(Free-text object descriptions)
● ● ●
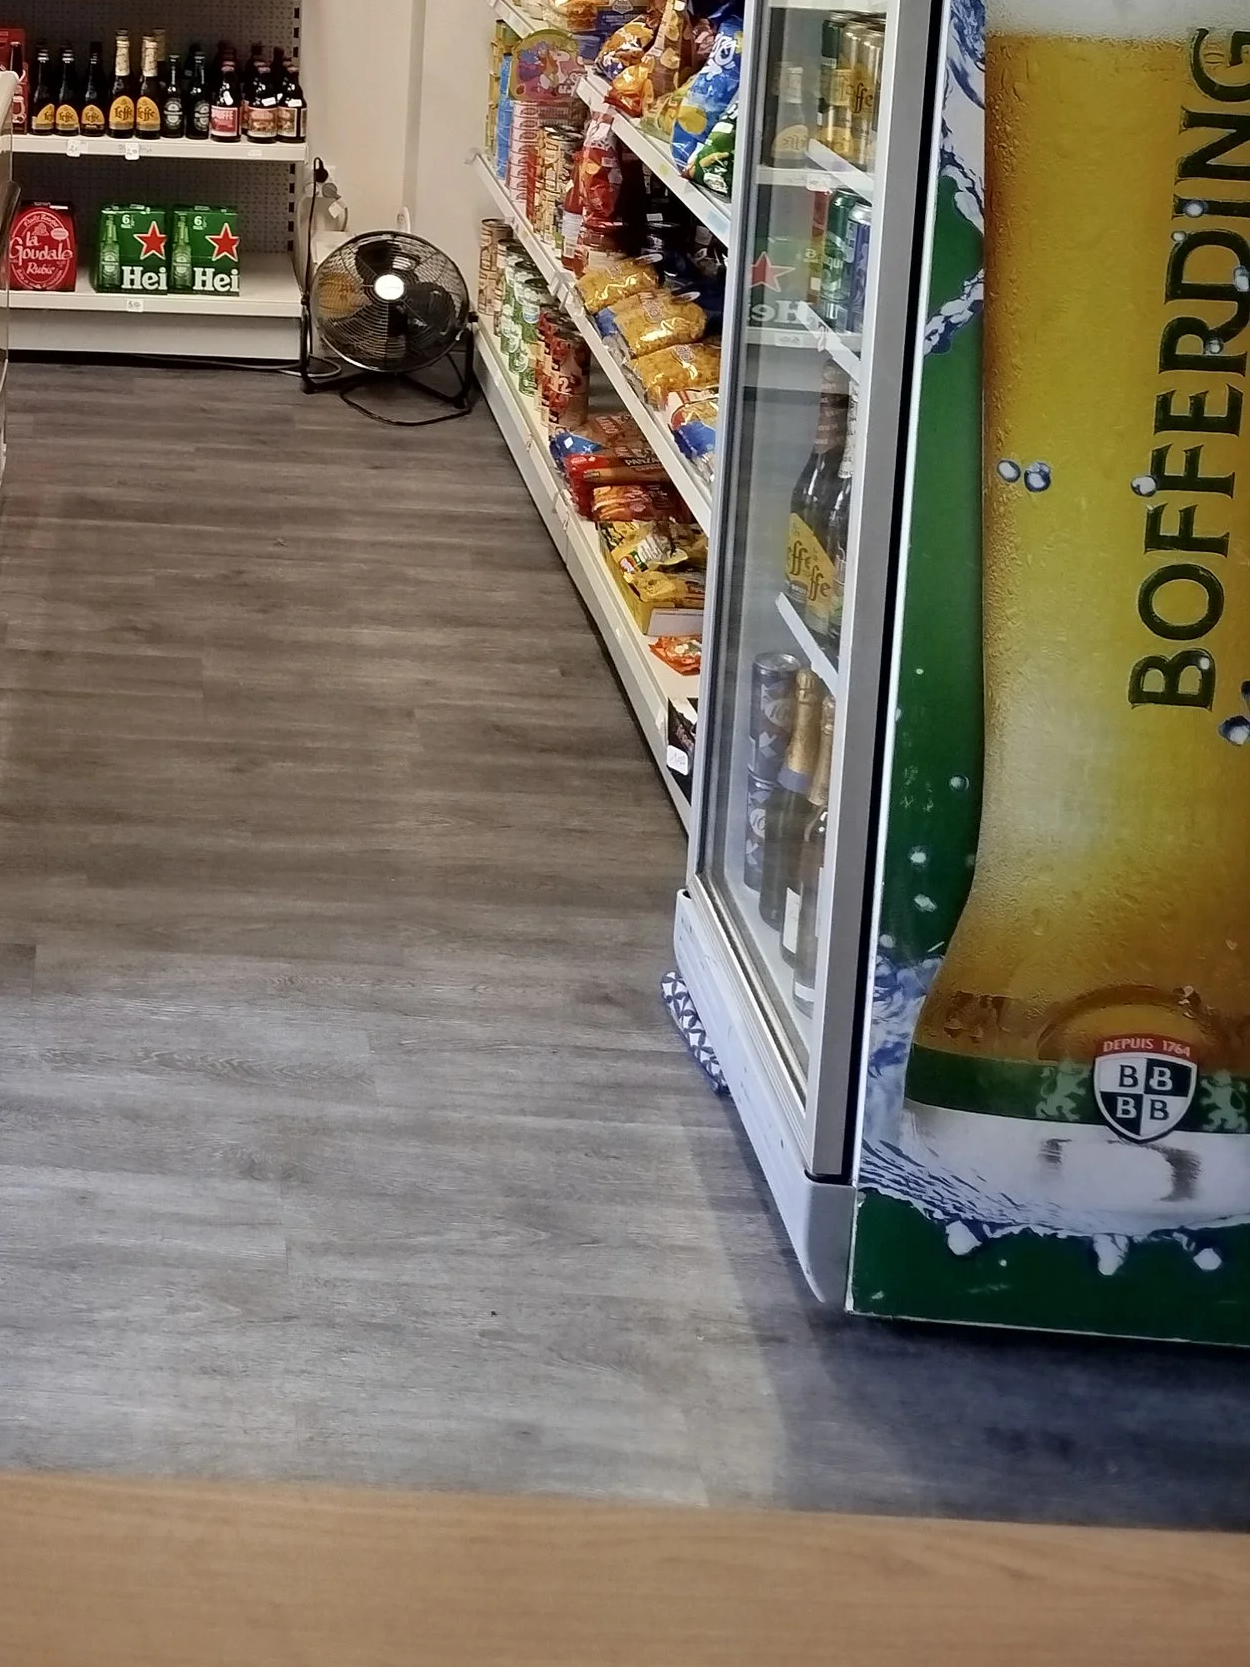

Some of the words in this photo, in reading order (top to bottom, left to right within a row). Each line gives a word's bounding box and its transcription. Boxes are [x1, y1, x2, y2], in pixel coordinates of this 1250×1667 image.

[114, 105, 133, 120] Leffe
[121, 214, 131, 225] 6
[193, 215, 203, 226] 6
[8, 237, 74, 266] Goudale
[121, 265, 168, 291] Hei
[193, 266, 240, 292] Hei
[1127, 27, 1250, 711] BOFFERDING
[1103, 1038, 1154, 1052] DEPUIS
[1163, 1040, 1191, 1057] 1764
● ● ●
Without the pictures, print the records in full, exactly as they appear.

Some of the words in this photo, in reading order (top to bottom, left to right within a row). Each line gives a word's bounding box and its transcription. Boxes are [x1, y1, x2, y2], in pixel coordinates of this 1250×1667 image.

[114, 105, 133, 120] Leffe
[121, 214, 131, 225] 6
[193, 215, 203, 226] 6
[8, 237, 74, 266] Goudale
[121, 265, 168, 291] Hei
[193, 266, 240, 292] Hei
[1127, 27, 1250, 711] BOFFERDING
[1103, 1038, 1154, 1052] DEPUIS
[1163, 1040, 1191, 1057] 1764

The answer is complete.